I’ve read over a hundred books this year. Yes, I’m afraid I’m the kind of nerd who actually keeps an annual record of these things. I’ve also, during the lockdown, discovered the joy of the audio-book, books downloaded from my local library direct to my phone. I love being able to immerse myself in a book while I’m cooking, cleaning the house or working in the garden.
Most of the books I chose to read in 2020 were good, several were excellent and just a few were not so good. From those that were published this year, this extraordinary year, I have selected eight as my books of the year. These are the books I’ve particularly enjoyed and, for the purposes of this blog, are ones which I can just about squeeze into the ‘landscape’ category.
But what is landscape, particularly in this strangest of all years? For much of 2020 most of us have been restricted to exploring places close to home. But, turning this necessity into a virtue, I find it has provided the opportunity to delve deep into the landscape, rather than to wander it widely. Even in urban settings, traces of ancient forests are embedded in the ground beneath our feet; the past sits layered upon our landscapes.
Ali Smith released the first of her quartet of ‘seasonal’ books in 2016 and concluded it this year with the publication of Summer. I never got round to reading any of them before this year. But that has allowed me to have the exhilarating experience of reading all four in a short space of time during the lockdown. Each is a stand-alone novel and it’s not essential that one reads them as a sequence. But while there are stylistic differences between each, all four share a collection of common themes: death, truth, art, consciousness, disappointment, failure, waste and nature. Summer revisits some of the characters Smith has already introduced us to, but it is is not so much a conclusion, as the completion of one cycle and the suggestion of the beginning of another.
In some ways Unofficial Britain is Gareth E Rees’s most unrelentingly strange book. Its language has none of the hallucinogenic flights of fancy of earlier works, such as Marshland. This latest book’s prose is, in fact, resolutely straightforward and is interwoven with much of Rees’s backstory, including his early life. His subject matter, however, is anything but straightforward and he succeeds in summoning up a Gothic vision of modern Britain. A modern landscape that barely overlays a series of pasts:
What I learned on this journey is that everything changes and yet little does. Landscapes overlay landscapes, in ever-turning cycles.

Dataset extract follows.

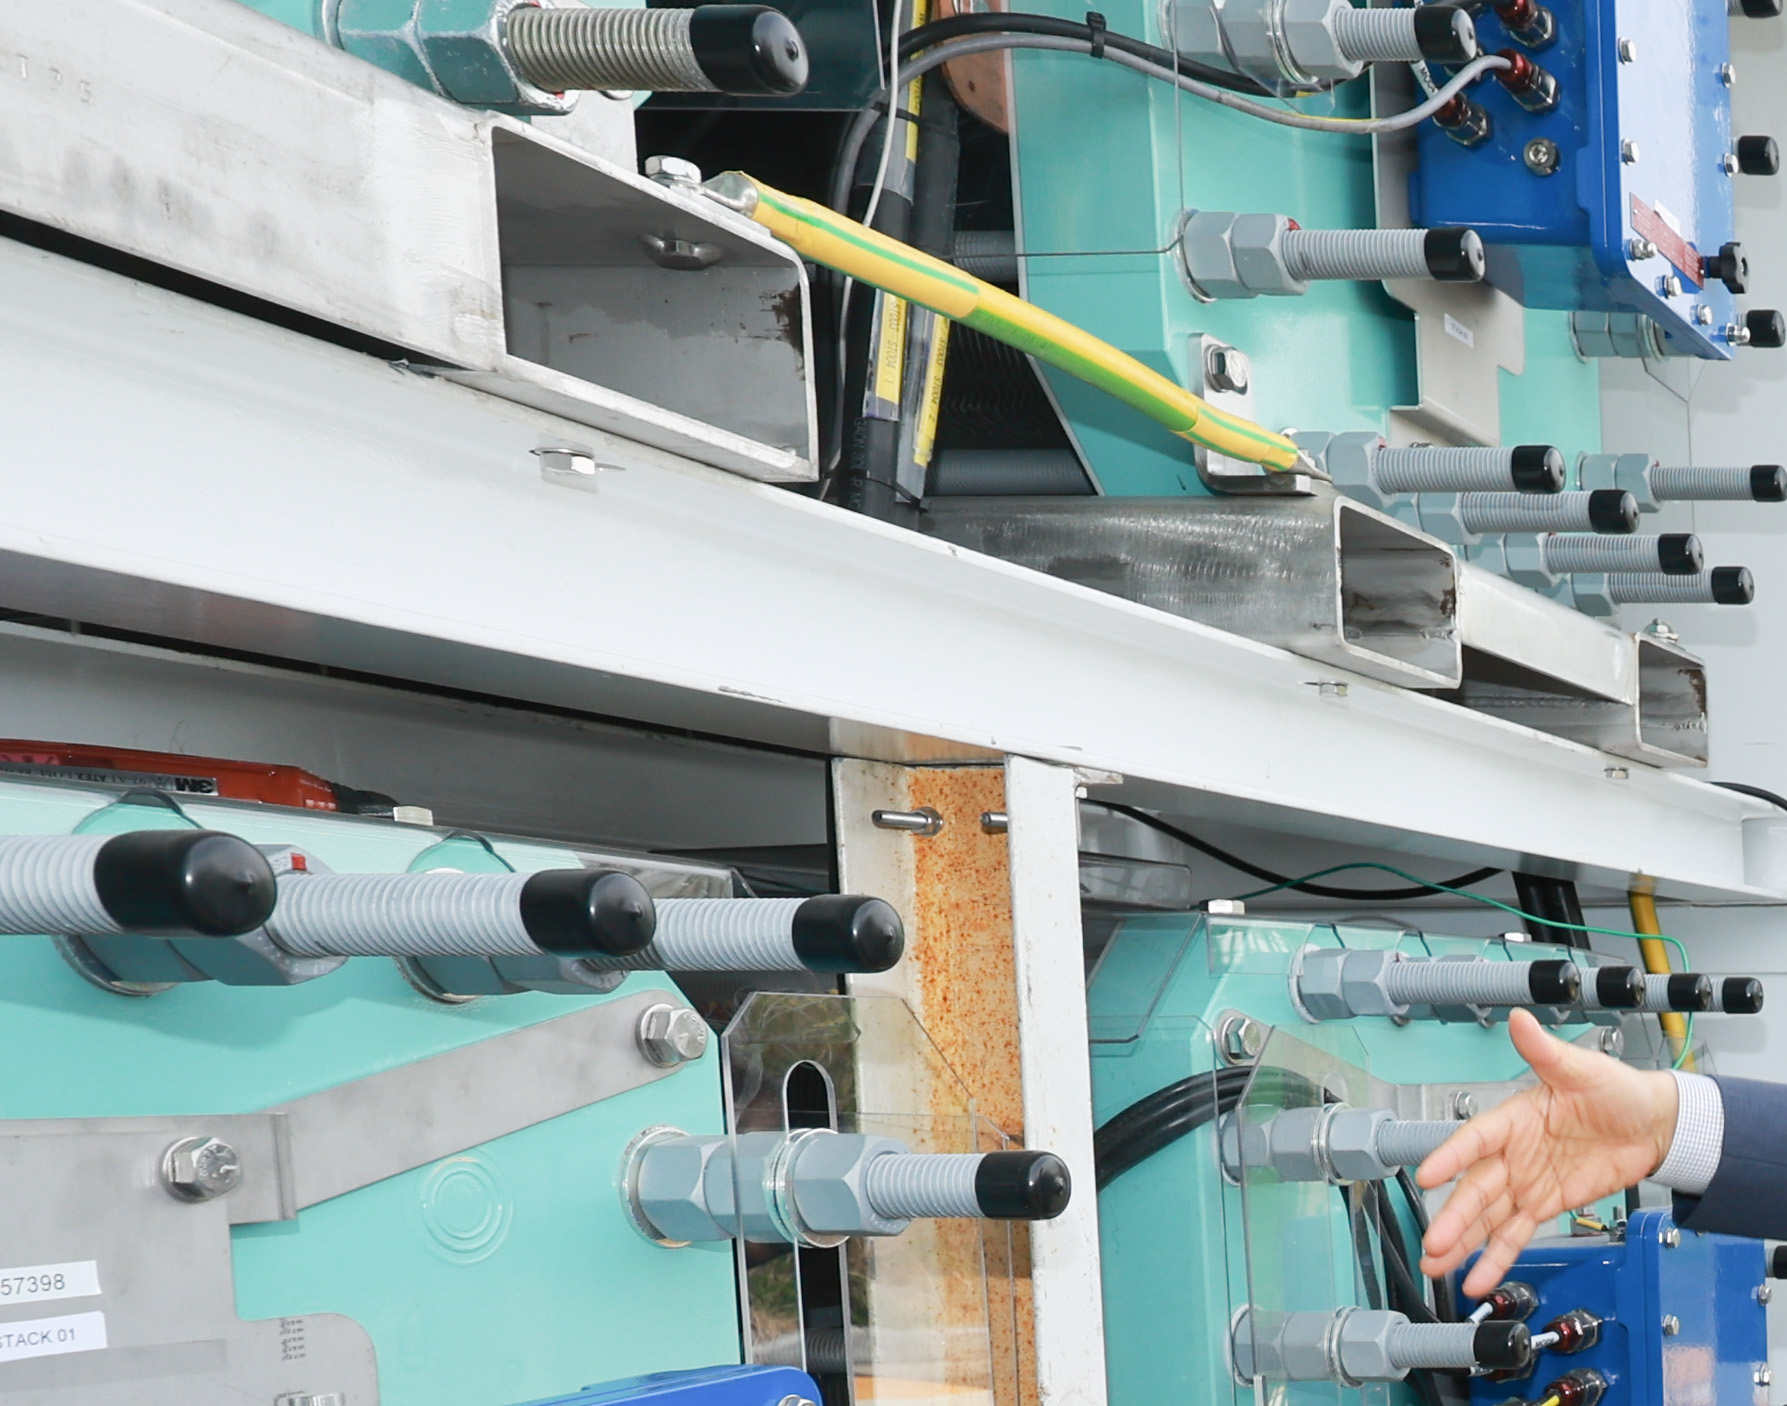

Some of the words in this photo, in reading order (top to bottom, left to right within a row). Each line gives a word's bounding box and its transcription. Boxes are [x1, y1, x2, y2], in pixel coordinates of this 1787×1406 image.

[175, 776, 214, 794] 3M
[0, 1273, 66, 1296] 57398
[57, 1328, 75, 1342] 01

Rebecca Solnit is a writer, an activist and a campaigner. With Wanderlust: A History of Walking (2000) she established her credentials as a landscape writer, but a landscape writer who ignored the obvious and instead explored the margins, the gaps and the abandoned. Her theme of giving voice to the silent, to the despised, continued in her later works, such as Men Explain Things to Me (2014). Recollections of My Non-Existence takes as its starting point Solnit’s arrival in San Francisco in 1981 and covers her development as a writer and activist. Non-Existence, she explains, was often an option she chose when she was a young female writer without power, money or influence. It was a way of avoiding being subjected to outright aggression and hostility ‘since existence was so perilous’.
Melissa Harrison gave up a comfortable urban career to move from London to rural Suffolk to try to make her living as a full-time writer. The Stubborn Light of Things is based on the excellent podcast series of the same name and Harrison’s Nature Notebook column in The Times. She takes us through her growing awareness of the natural world all around her, initially in the city and then in her new home in the Suffolk countryside. Harrison writes with passion about the plants, wildlife, topography and weather she sees all about her and urges the reader to open their eyes and see it too.

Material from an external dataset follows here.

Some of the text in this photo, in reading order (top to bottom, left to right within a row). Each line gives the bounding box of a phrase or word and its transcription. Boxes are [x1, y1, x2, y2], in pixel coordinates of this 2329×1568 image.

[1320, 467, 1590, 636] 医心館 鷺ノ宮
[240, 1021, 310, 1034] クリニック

But Harrison’s nature writing is not just about cosily urging us to ‘look at this’. With gentle insistence, she rails against humankind’s selfish destruction of other species: ‘In making the countryside work so hard for humans, its ability to support other creatures began to be lost.’
This is a book about London. Not the city the tourists see, but the dark underside of London. Gary Budden takes us through underpasses haunted by murdered women who do not yet know they are dead, tube station walkways with no way out and sewers haunted by fatbergs, rat kings and worse.

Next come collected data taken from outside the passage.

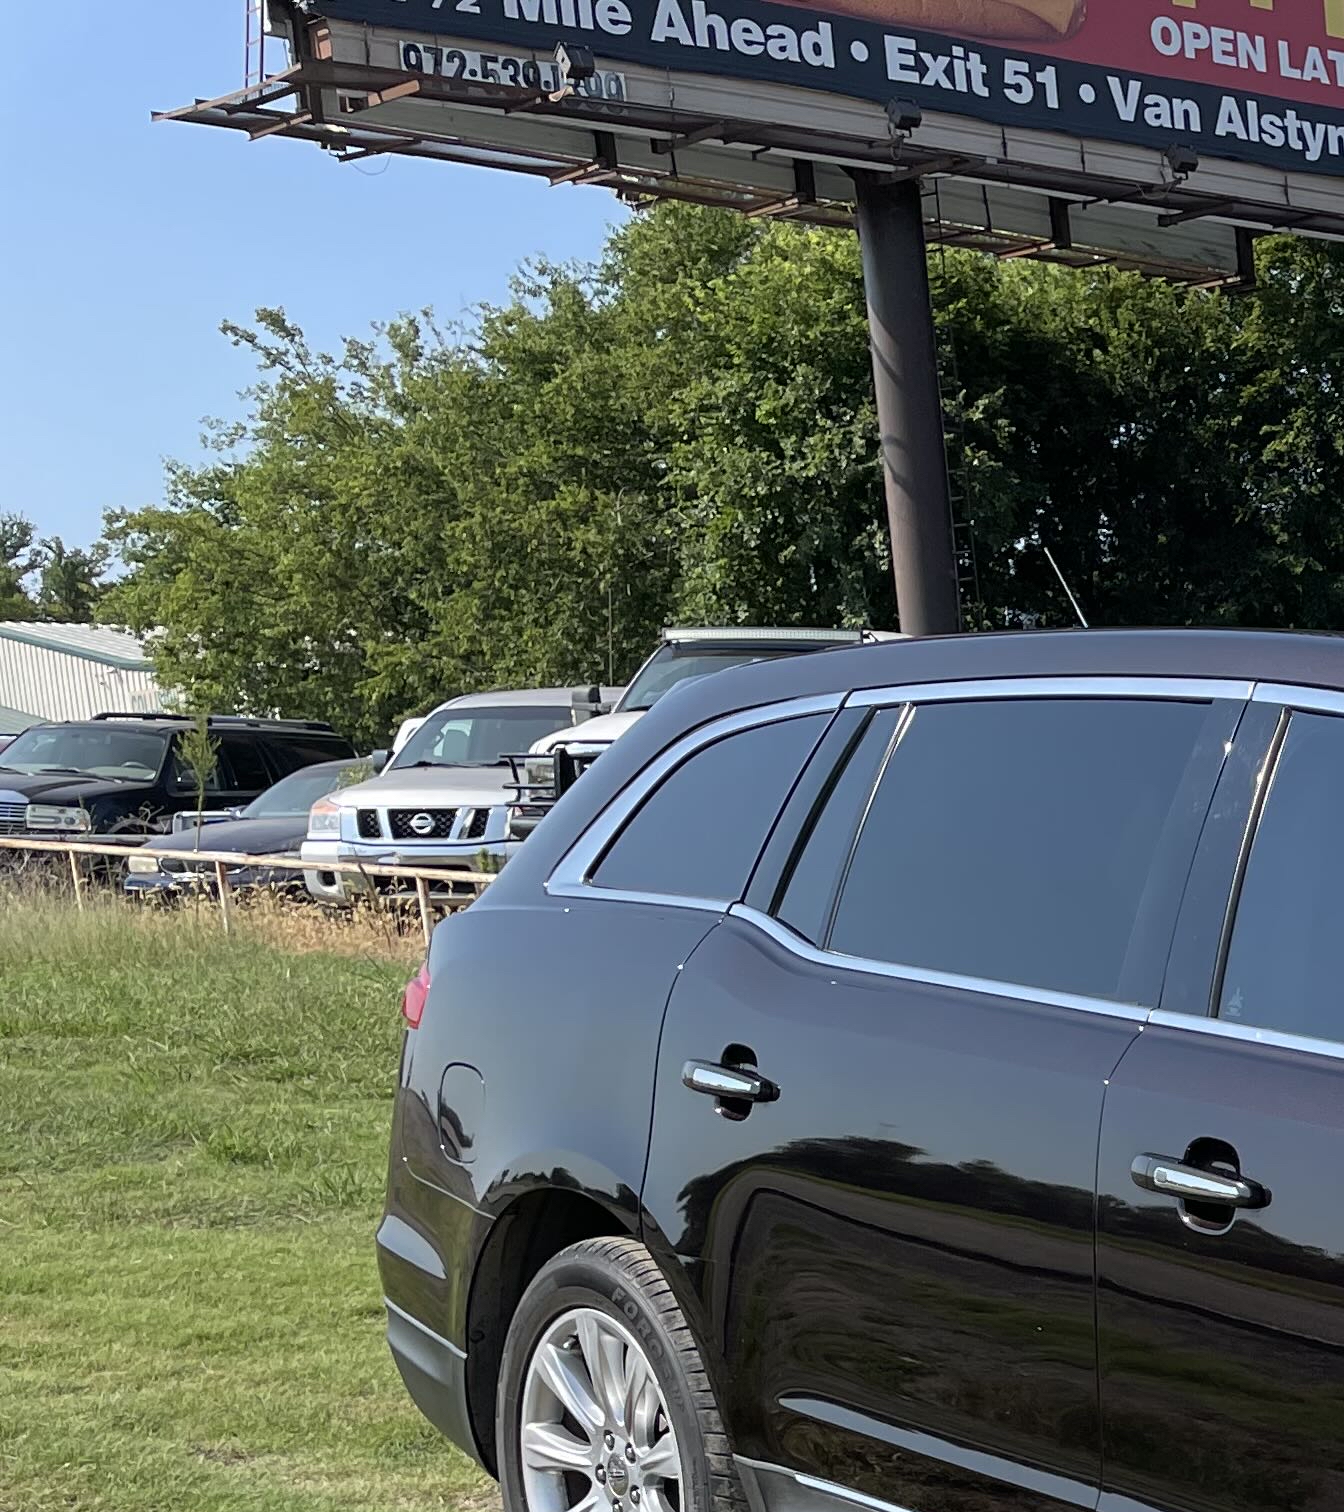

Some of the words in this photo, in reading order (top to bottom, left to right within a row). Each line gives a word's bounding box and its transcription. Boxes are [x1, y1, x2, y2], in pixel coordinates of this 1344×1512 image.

[651, 0, 836, 68] Ahead
[884, 34, 990, 97] Exit
[1003, 58, 1059, 109] 51
[1106, 76, 1201, 132] Van
[1150, 16, 1267, 73] OPEN

There is London Cognita, and London Incognita, and I know where I belong. It won’t be long now.
London Incognita is hard to define: weird fiction, punk landscapism and alternative history all feature, but there is much more besides. In a series of linked short stories covering several decades Budden creates a guide book to city that is grimily familiar in its reality, but at the same time disturbingly strange in its imagining.
Francesca Wade’s Square Haunting takes as its setting Mecklenburgh Square in Bloomsbury. The area around the British Museum, later regarded as London’s bohemian enclave, was just another area of cheap rented accommodation at the beginning of the twentieth century. Wade examines the lives of five radical feminist writers who made their home in the square: Dorothy L Sayers, Hilda Doolittle (HD), Jane Ellen Harrison, Eileen Power and Virginia Woolf.
The five were not a community of writers, they lived in the square at only marginally overlapping times and rarely did any of them mix with one another. However, Wade shows how Mecklenburgh Square played a significant part in the life of all of the women. It gave each, in her own way, a ‘room of one’s own’ *** in which to think, talk and write and a central London location for ‘street sauntering and square haunting’. ***
Jini Reddy’s Wanderland records the experiences and encounters of a woman of colour exploring the countryside on her own. Many of the people she meets are open and welcoming, while others look at her ‘a second longer than they need to’.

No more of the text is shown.